Clinical Profiles and Socioeconomic Demographics of Patients Presenting to a Direct-pay Tertiary Headache Practice
Lorenzo Rose1, Hope O'Brien2
1University of Notre Dame, 2Headache Center of Hope
Objective:
To characterize the demographic and clinical features of adults and adolescents seeking care for headache and migraine at a direct-pay tertiary headache clinic.
Background:
A common assumption is that such direct-pay practices attract patients of high socioeconomic status, given the perceived financial barriers to entry.  Timely access to subspecialty care remains a significant challenge in headache medicine, where delays in evaluation and treatment often contribute to poor outcomes, reduced quality of life, and increased healthcare utilization. For patients experiencing acute or chronic worsening of migraine and other headache disorders, the ability to bypass systemic delays may outweigh financial considerations. This raises the question of whether individuals across a broader range of socioeconomic backgrounds perceive sufficient value in the direct-pay model to seek care despite the out-of-pocket cost. 
Design/Methods:
This retrospective cohort study included patients seen between June 2021 and June 2024 at a direct-pay headache practice.

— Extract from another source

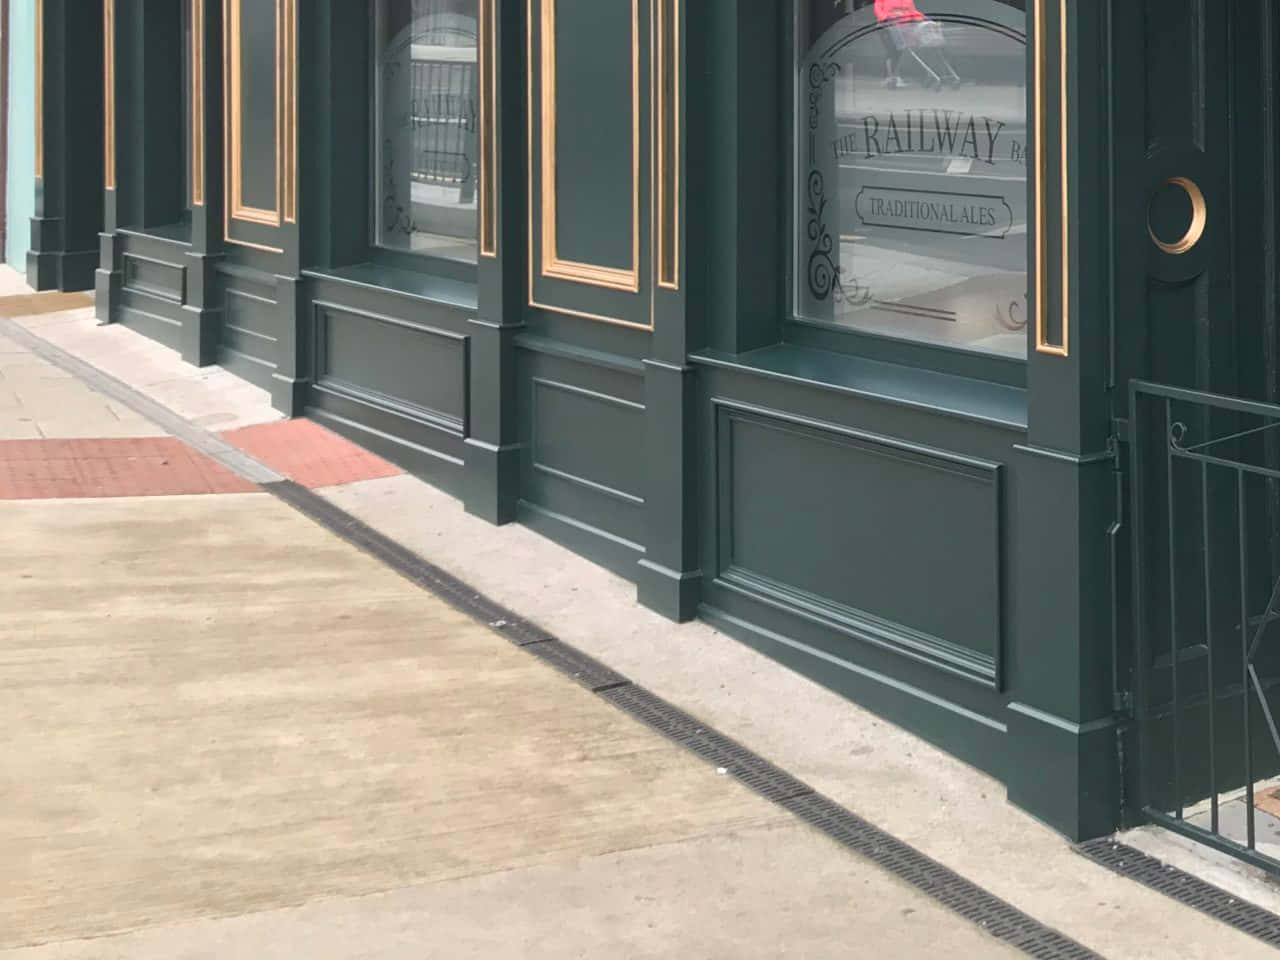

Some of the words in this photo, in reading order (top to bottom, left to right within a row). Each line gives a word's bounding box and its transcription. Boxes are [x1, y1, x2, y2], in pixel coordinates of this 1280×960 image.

Of 103 patients, 99 met inclusion criteria with complete data from initial and three-month follow-up visits. Demographic data, including headache frequency, intensity, and history, were collected from intake questionnaires. Disability and psychological symptoms were assessed using the Migraine Disability Assessment Scale, Patient Health Questionnaire, and Generalized Anxiety Disorder Scale. Residential zip codes were used to estimate median household income and home values based on 2022 census data.
Results:
The 99 patients ranged in age from 14–85 years (mean 38). At baseline, patients reported an average of 21 headache days per month and a mean pain intensity of 6/10 (peak 7/10). Mean MIDAS/PedMIDAS, PHQ-9, and GAD-7 scores were 67.8, 9.1, and 6.8, respectively. The weighted median household income and home value for patients’ zip codes were $94,138 and $302,313.
Conclusions:
Patients presenting to a direct-pay headache clinic demonstrated high disability levels and diverse socioeconomic representation, suggesting that direct-pay models attract individuals across varying backgrounds seeking timely, specialized headache care.